Врачи не понимали русскую речь, но их лица выражали и удовольствие, и удивление тем, как за несколько минут изменились и старик, и атмосфера вокруг. Эта заполненная старьем комната будто озарилась солнечным светом.

– Кажется, доктор здесь уже не нужен, раз появился месье Илья… – с улыбкой, без всякой ревности произнес доктор Николь.

– Нет, Илья только облегчит ваше дело – смеясь, сказал Борис.

– Это уже много значит. Никакое лекарство не действует на месье Алекса так, как месье Илья. Я уже второй месяц слежу за этим, и такого в моей практике не помню. Это просто феноменально!

Борис с улыбкой кивнул в ответ.

– Вы правы, месье Николь, это действительно феноменально.
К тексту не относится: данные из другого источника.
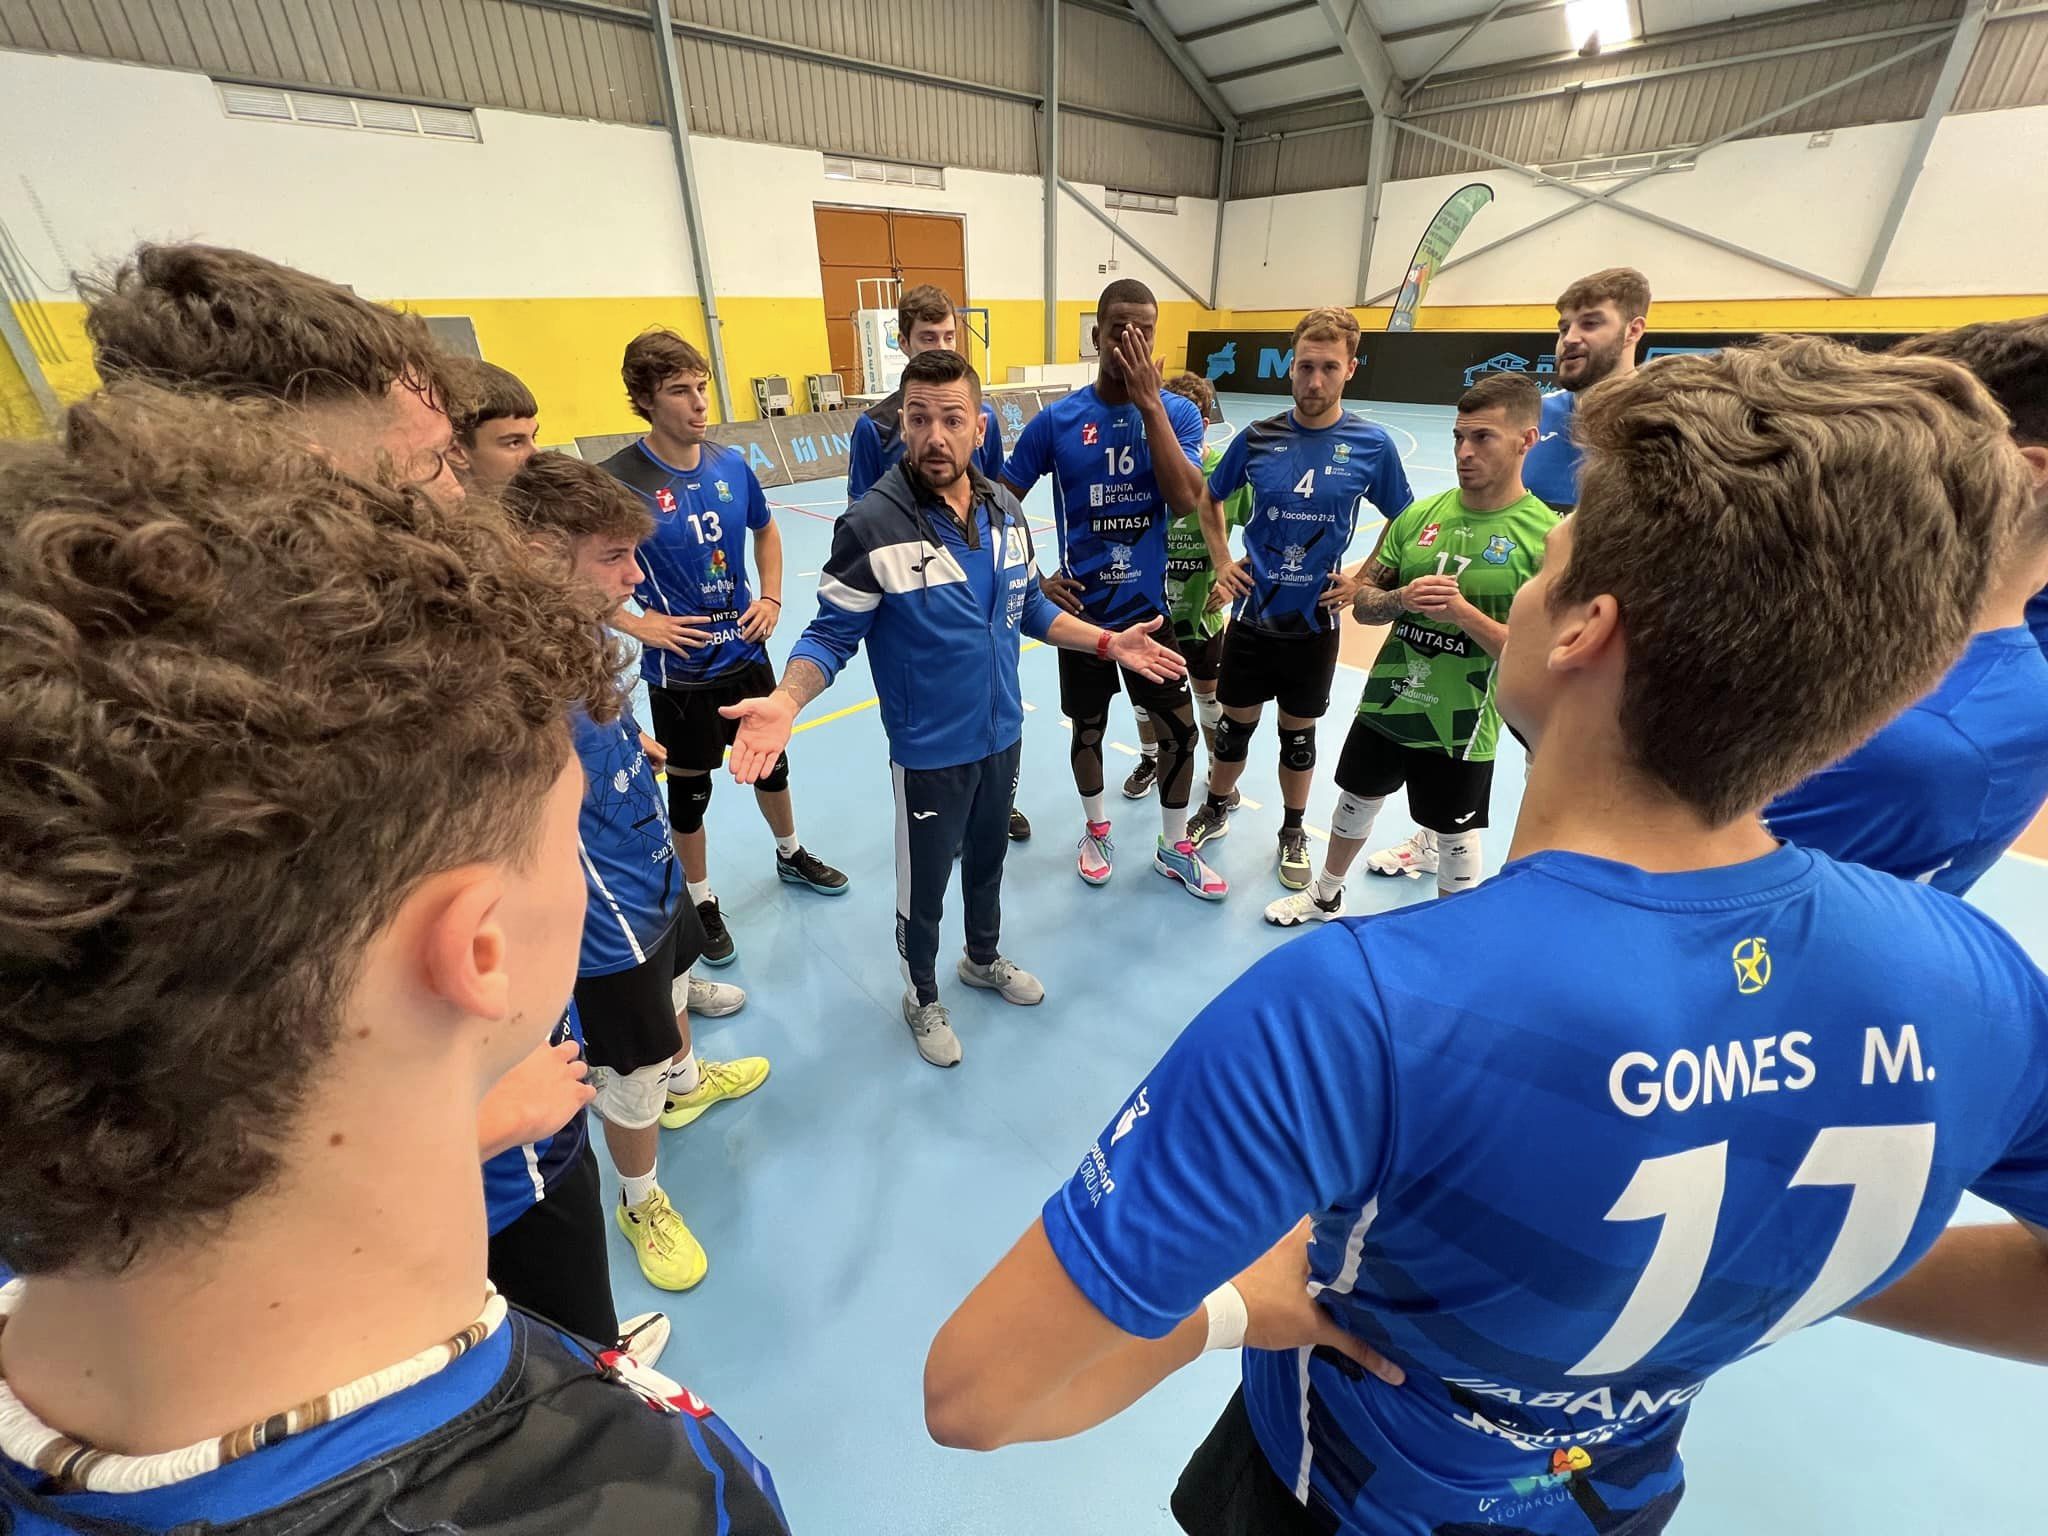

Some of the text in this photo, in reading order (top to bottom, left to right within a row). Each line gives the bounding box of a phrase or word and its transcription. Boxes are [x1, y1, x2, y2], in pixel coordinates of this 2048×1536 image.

[1257, 348, 1294, 378] M
[1105, 446, 1135, 476] 16
[1105, 483, 1134, 494] XUNTA
[1293, 468, 1315, 498] 4
[1105, 491, 1152, 504] DE GALICIA
[1103, 516, 1150, 531] INTASA
[1281, 510, 1318, 521] Xacobeo
[688, 511, 722, 545] 13
[1099, 571, 1111, 581] San
[1168, 560, 1204, 571] NTASA
[1267, 569, 1279, 580] San
[1435, 551, 1472, 580] 17
[1409, 627, 1465, 655] INTASA
[651, 844, 668, 864] San
[1608, 1024, 1937, 1118] GOMES M.
[1442, 1376, 1706, 1420] ABANC
В своей практике я тоже не припомню подобного случая, – многозначительно сказал Борис.

Чтобы разговор перестал крутиться возле его персоны, Илья взял инициативу в свои руки:

– Как долго вы лежите, дедушка?

– Я и не помню, сынок… После того, как вы с Ирен уехали…
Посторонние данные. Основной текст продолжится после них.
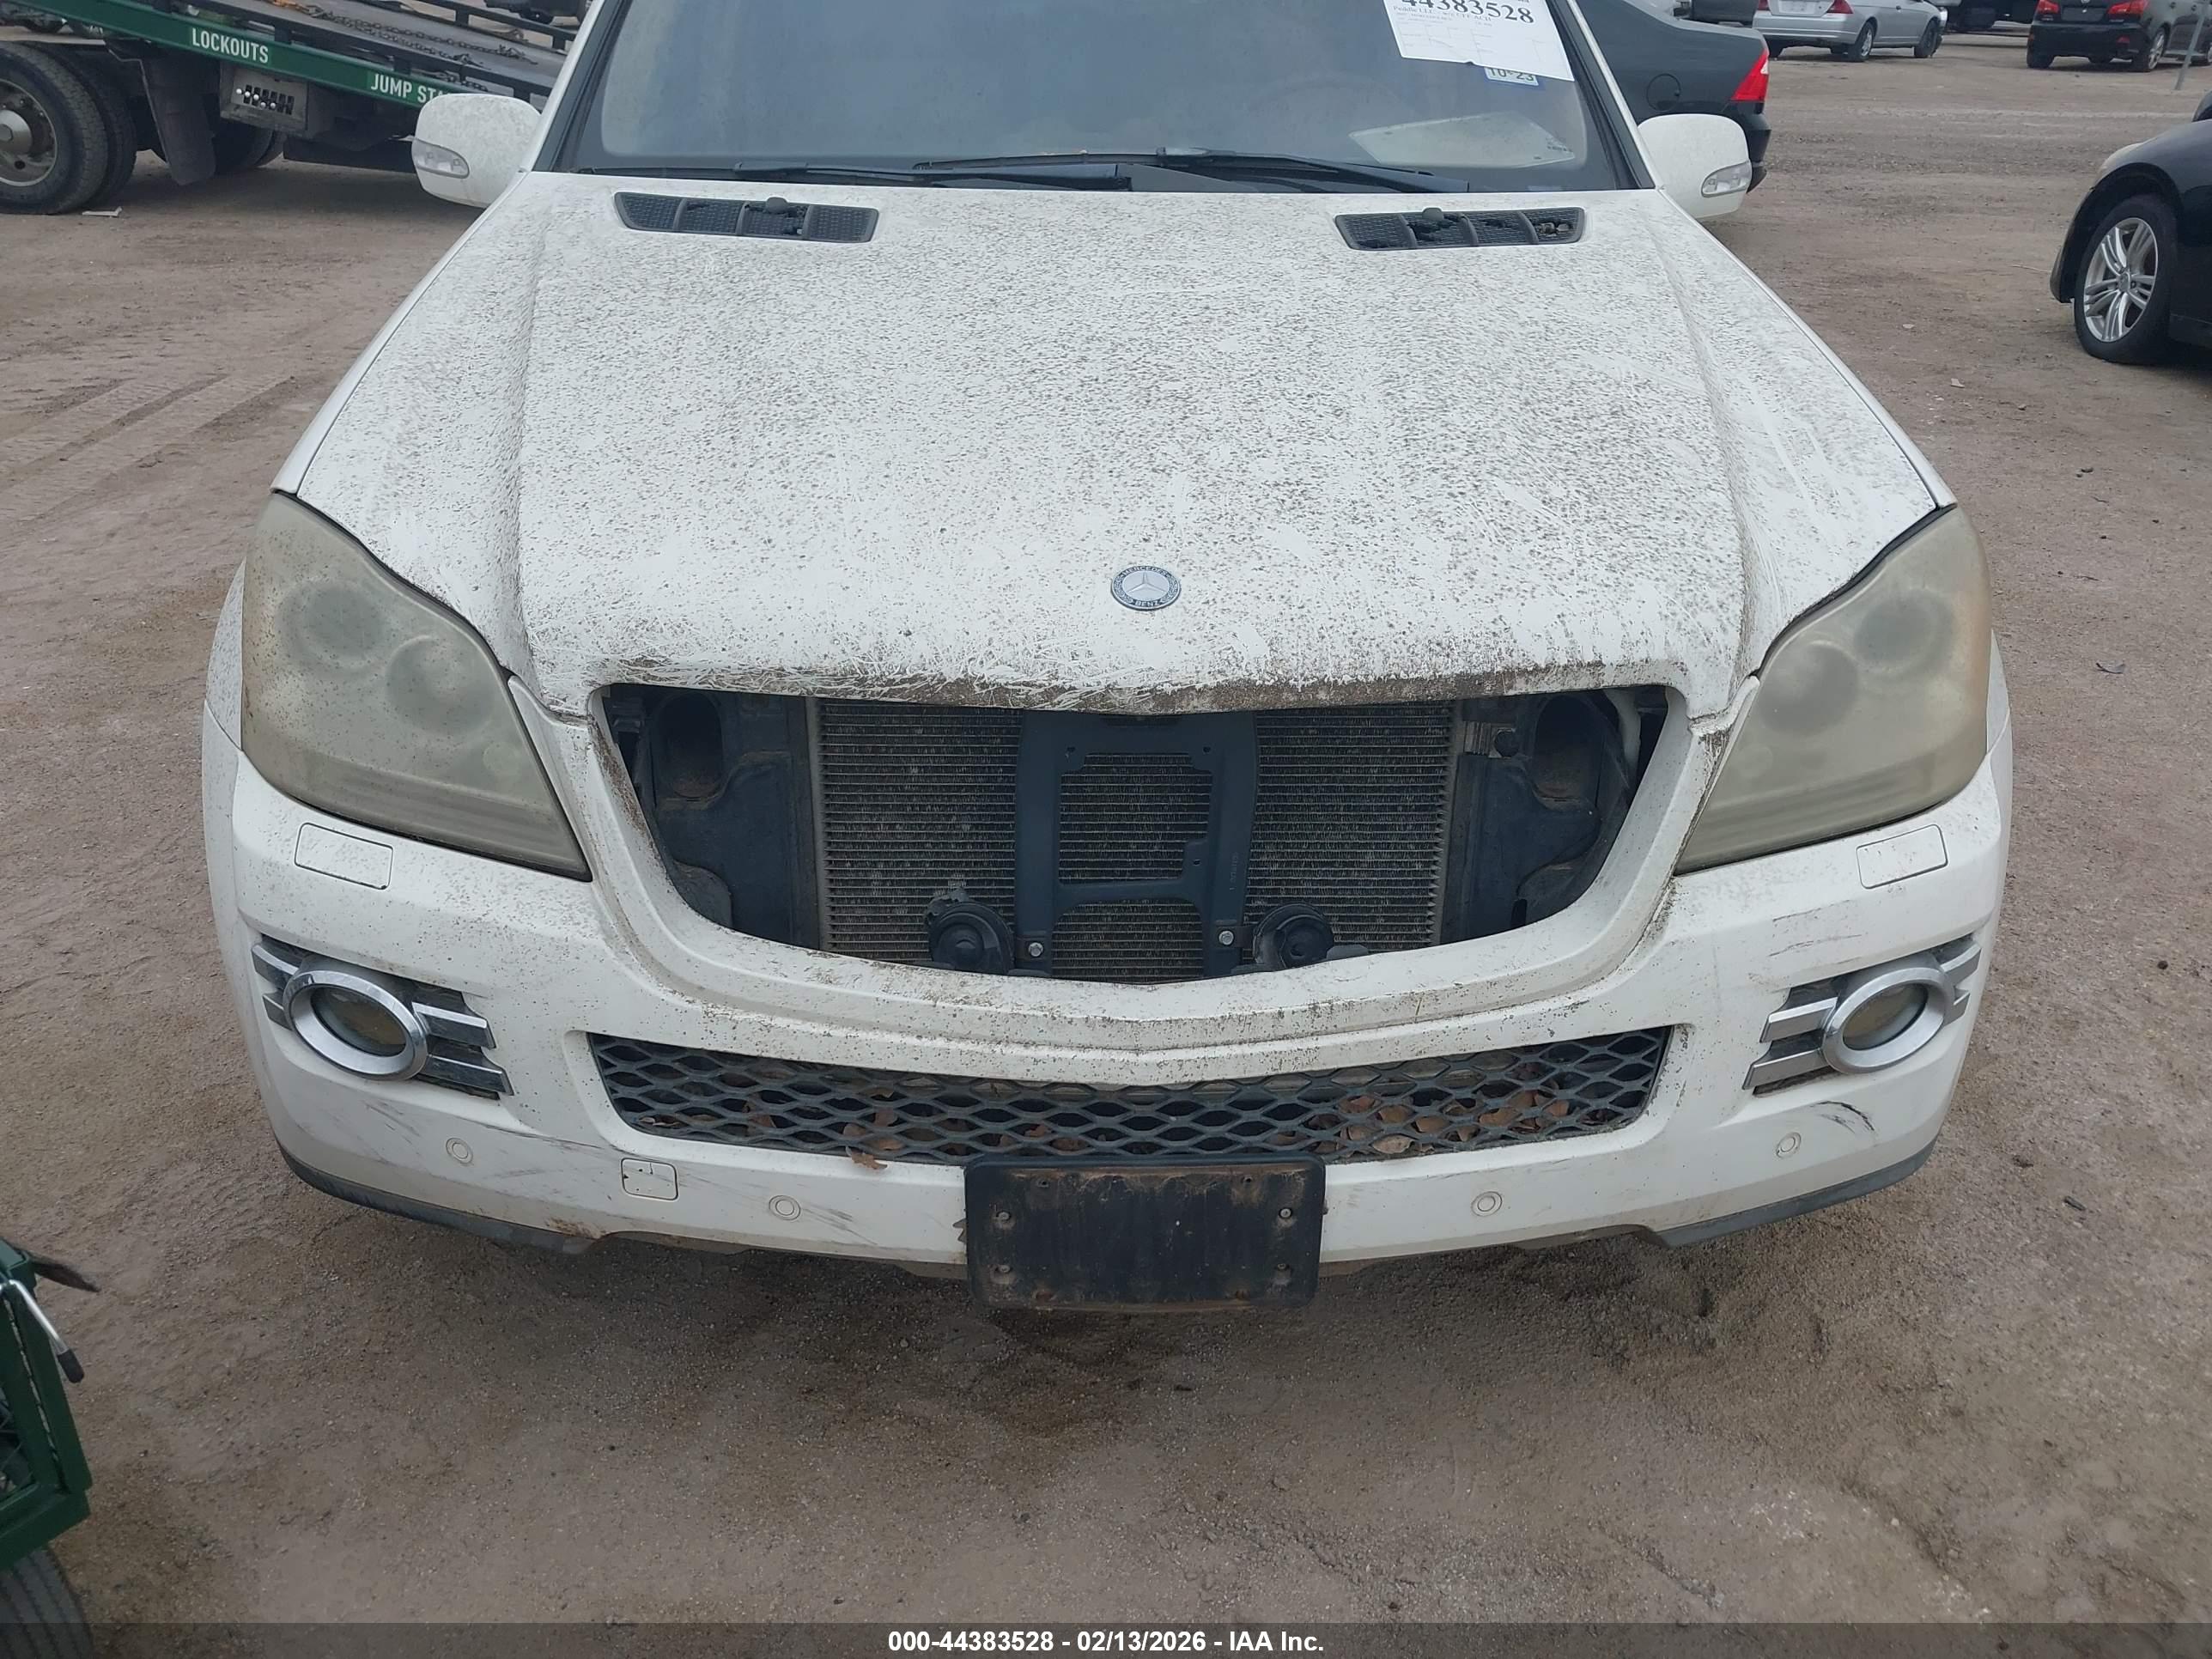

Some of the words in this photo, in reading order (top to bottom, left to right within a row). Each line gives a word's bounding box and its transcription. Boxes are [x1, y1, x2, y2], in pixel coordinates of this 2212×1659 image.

[191, 27, 269, 64] LOCKOUTS
[370, 74, 412, 98] JUMP
[417, 86, 452, 103] ST
[1122, 566, 1168, 576] MERCEDES
– Вот уже пятый день, – ответил Борис вместо старика.

– Вам пришлось работать? Были какие-то дела?

– Кто же мне теперь доверит дела, – хриплым голосом сказал старик.

– Вот это уже плохо. Весь мой труд пошел насмарку. Когда в последний раз вы делали ему укол? – вновь спросил он у Бориса.

– Приблизительно неделю назад. У нас остался еще один курс.

– Очень хорошо. Сегодня мы начинаем тренировки, да, дедушка?

Илья взглянул на старика. – А через два-три дня сделаем еще один укол.

– Как скажешь, Илья, – подтвердил Борис.

– Как себя чувствует госпожа Донари?

– Хорошо, спасибо, Илья. Донари ни на минуту не сомневалась, что ты приедешь. Она появится к обеду.

И действительно, появление Ильи создало совсем другую атмосферу, у всех появилась надежда, что он вновь продлит жизнь старику, хотя никто не знал, как долго тот протянет.

Илью удивило появление еще одного старика рядом с ними, которого он ранее не видел в этом здании, тем более в спальне старика.

«Он действительно ему очень близок, и к тому же русского происхождения, что указывает на глубокие корни их взаимоотношений», – подумал Илья.

Он не ошибся в своих предположениях. Многие десятки лет связывали этих двух стариков.

Иосиф Левитан был на семь-восемь лет моложе Александра Джуги, и Илья не видел его ранее лишь по той простой причине, что в сентябре, узнав о том, что Джуге стало плохо и его перевели в клинику, очень перенервничал и через два дня слег сам. У него одновременно поднялись давление и сахар, из-за чего одинокого Иосифа поместили в клинику в Лозанне. И лишь после того, как он узнал, что его друга перевели из клиники в бюро, стал выздоравливать, а потом и вовсе поправился и даже приступил к делам. Поэтому Иосиф и сказал Илье, что именно благодаря ему продлилась и его жизнь.

Они очень подружились. Иосиф оказался очень впечатляющей личностью, с интересной и трудной биографией, прекрасным знатоком древнейшей истории и ученым. Беседы с ним были очень интересными, можно даже сказать, несравненными. К тому же он был превосходным собеседником и рассказчиком.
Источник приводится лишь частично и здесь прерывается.